▶ **DESCRIPTION OF THE TASK**:
Print the entries exactly; no image belongs in the copy.

▶ **Spatial localization data**:
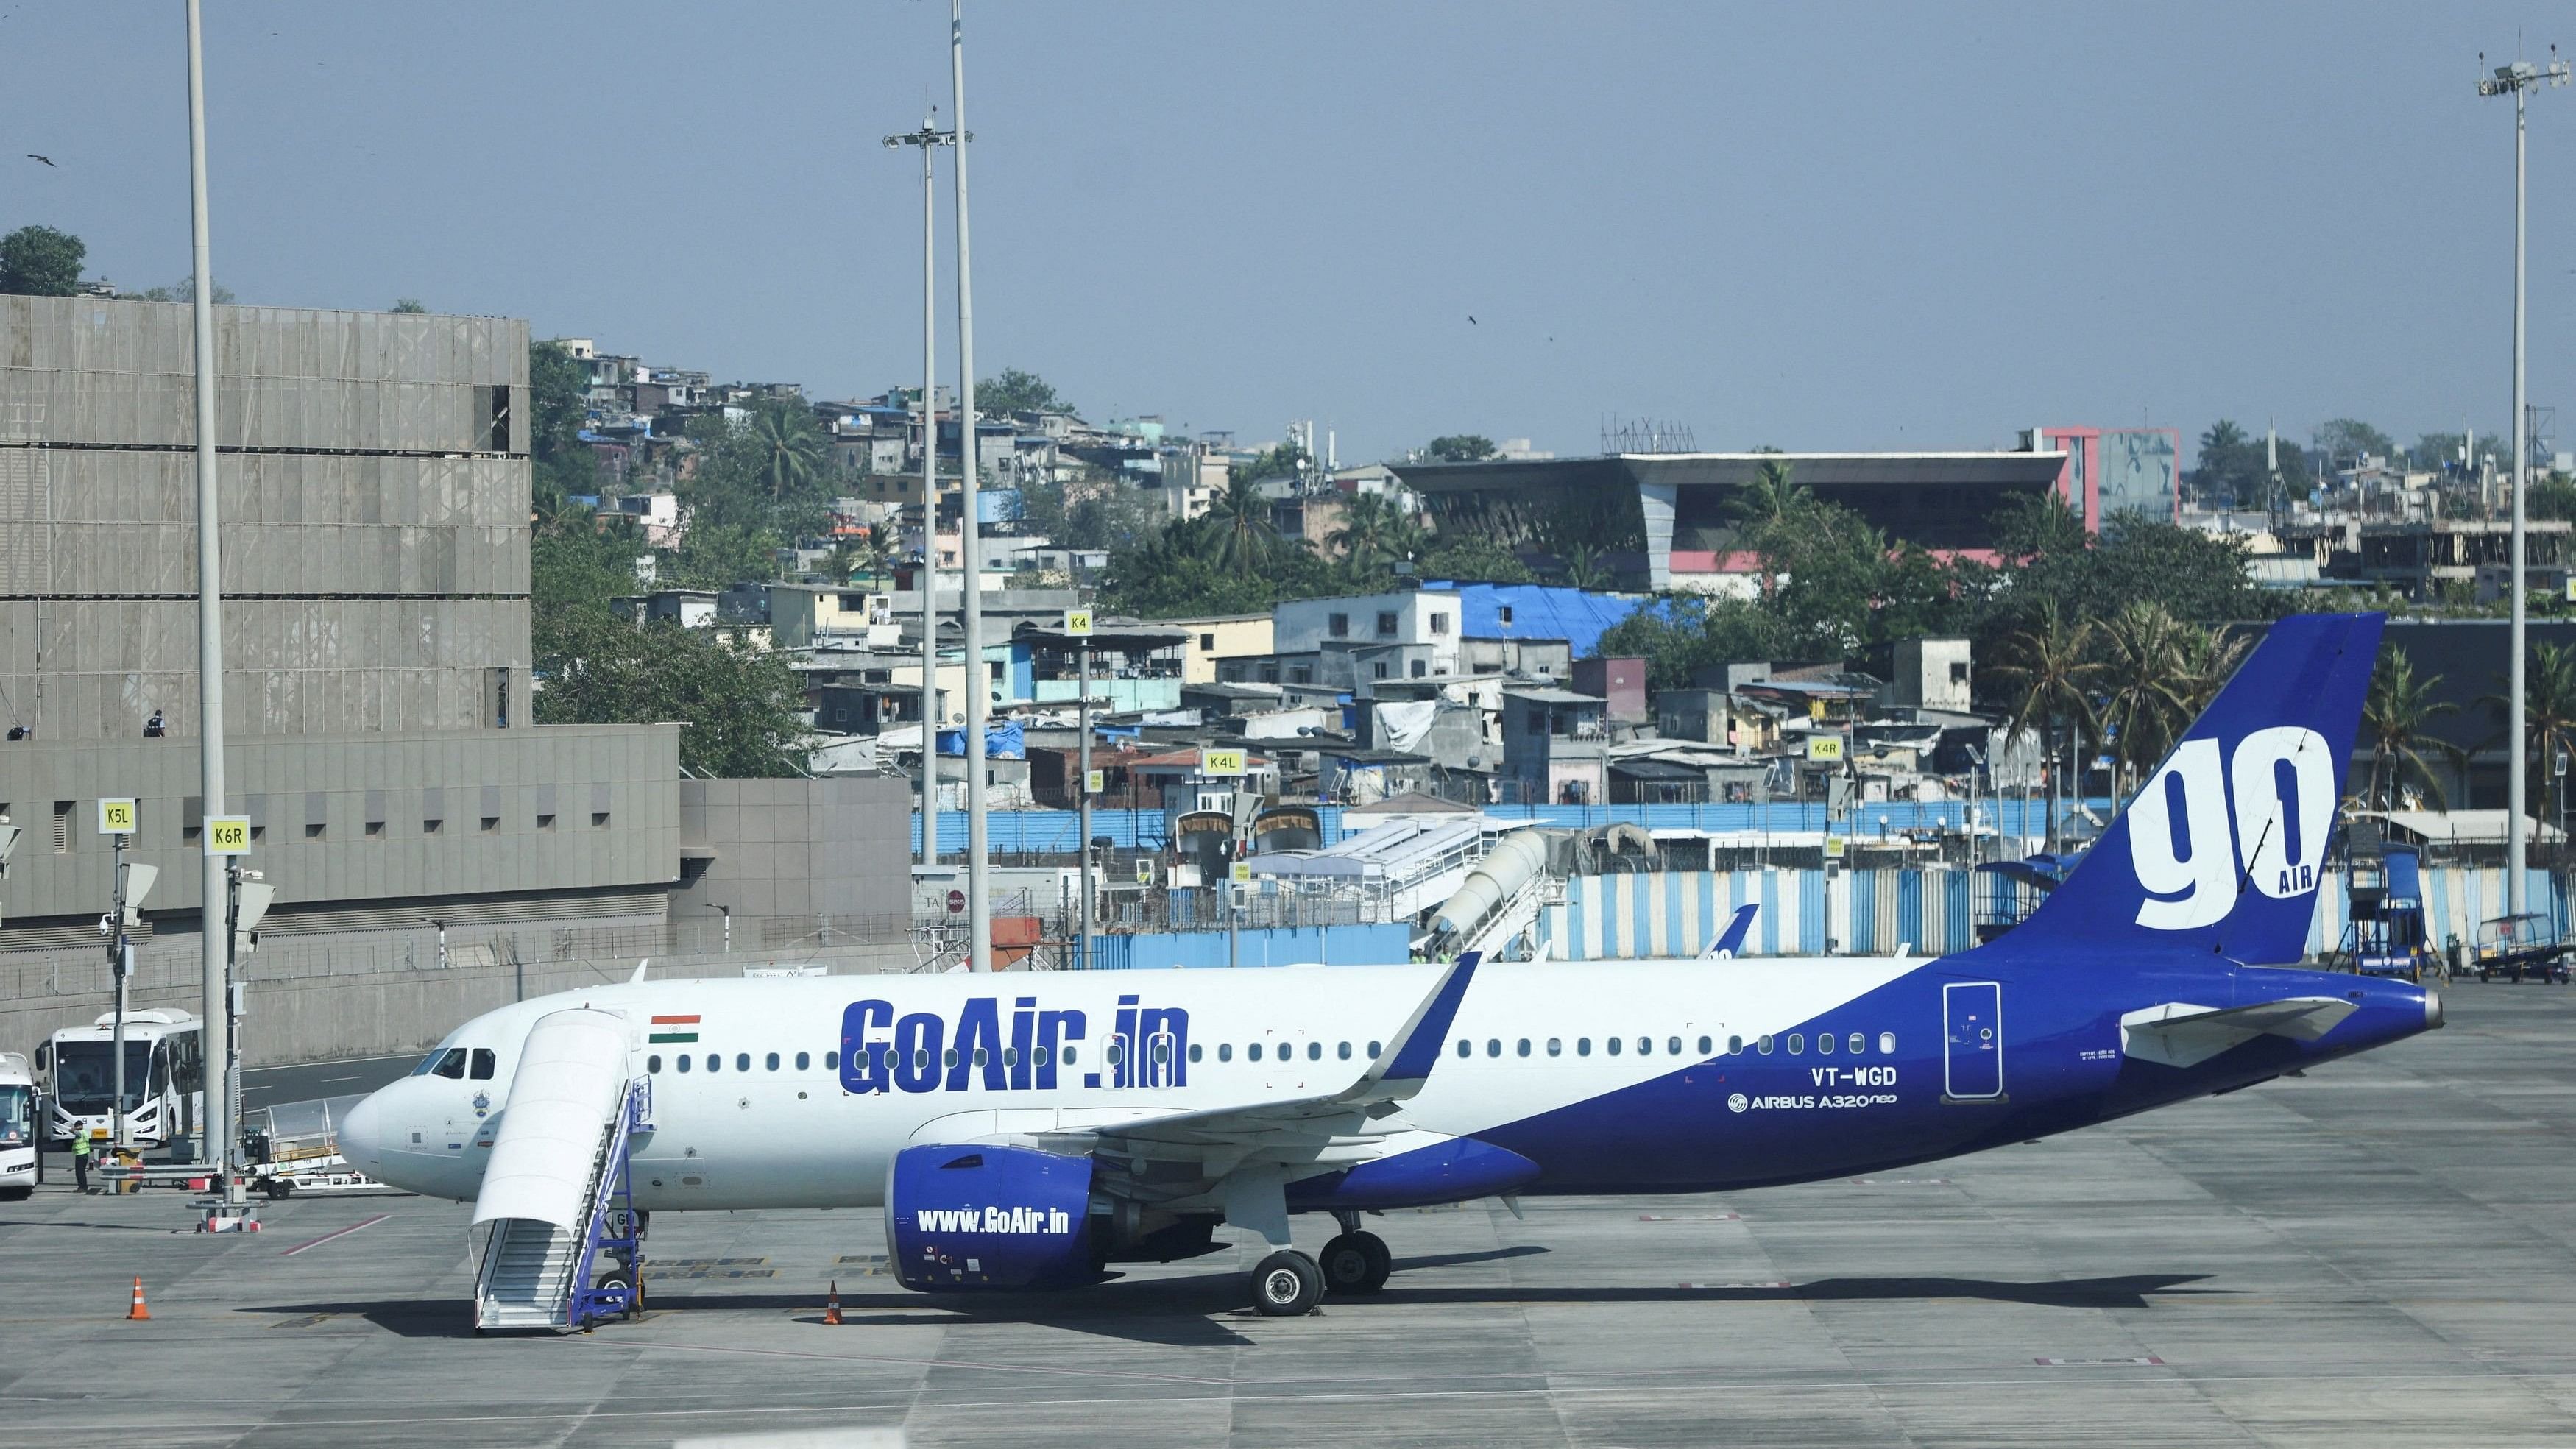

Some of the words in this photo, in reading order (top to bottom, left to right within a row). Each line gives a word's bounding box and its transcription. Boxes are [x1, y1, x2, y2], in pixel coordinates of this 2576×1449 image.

[1072, 617, 1086, 628] K4
[1815, 743, 1836, 754] K4R
[1211, 757, 1236, 768] K4L
[107, 809, 128, 823] K5L
[216, 828, 241, 843] K6R
[2127, 726, 2335, 930] go
[2279, 865, 2313, 895] AIR
[840, 995, 1189, 1094] GoAir.in
[1811, 1067, 1897, 1086] VT-WGD
[1751, 1096, 1814, 1109] AIRBUS
[918, 1206, 1069, 1233] www.GoAir.in

▶ **REPLY**:
Some of the words in this photo, in reading order (top to bottom, left to right within a row). Each line gives a word's bounding box and its transcription. Boxes are [x1, y1, x2, y2], in pixel coordinates of this 2576×1449 image.

[1072, 617, 1086, 628] K4
[1815, 743, 1836, 754] K4R
[1211, 757, 1236, 768] K4L
[107, 809, 128, 823] K5L
[216, 828, 241, 843] K6R
[2127, 726, 2335, 930] go
[2279, 865, 2313, 895] AIR
[840, 995, 1189, 1094] GoAir.in
[1811, 1067, 1897, 1086] VT-WGD
[1751, 1096, 1814, 1109] AIRBUS
[918, 1206, 1069, 1233] www.GoAir.in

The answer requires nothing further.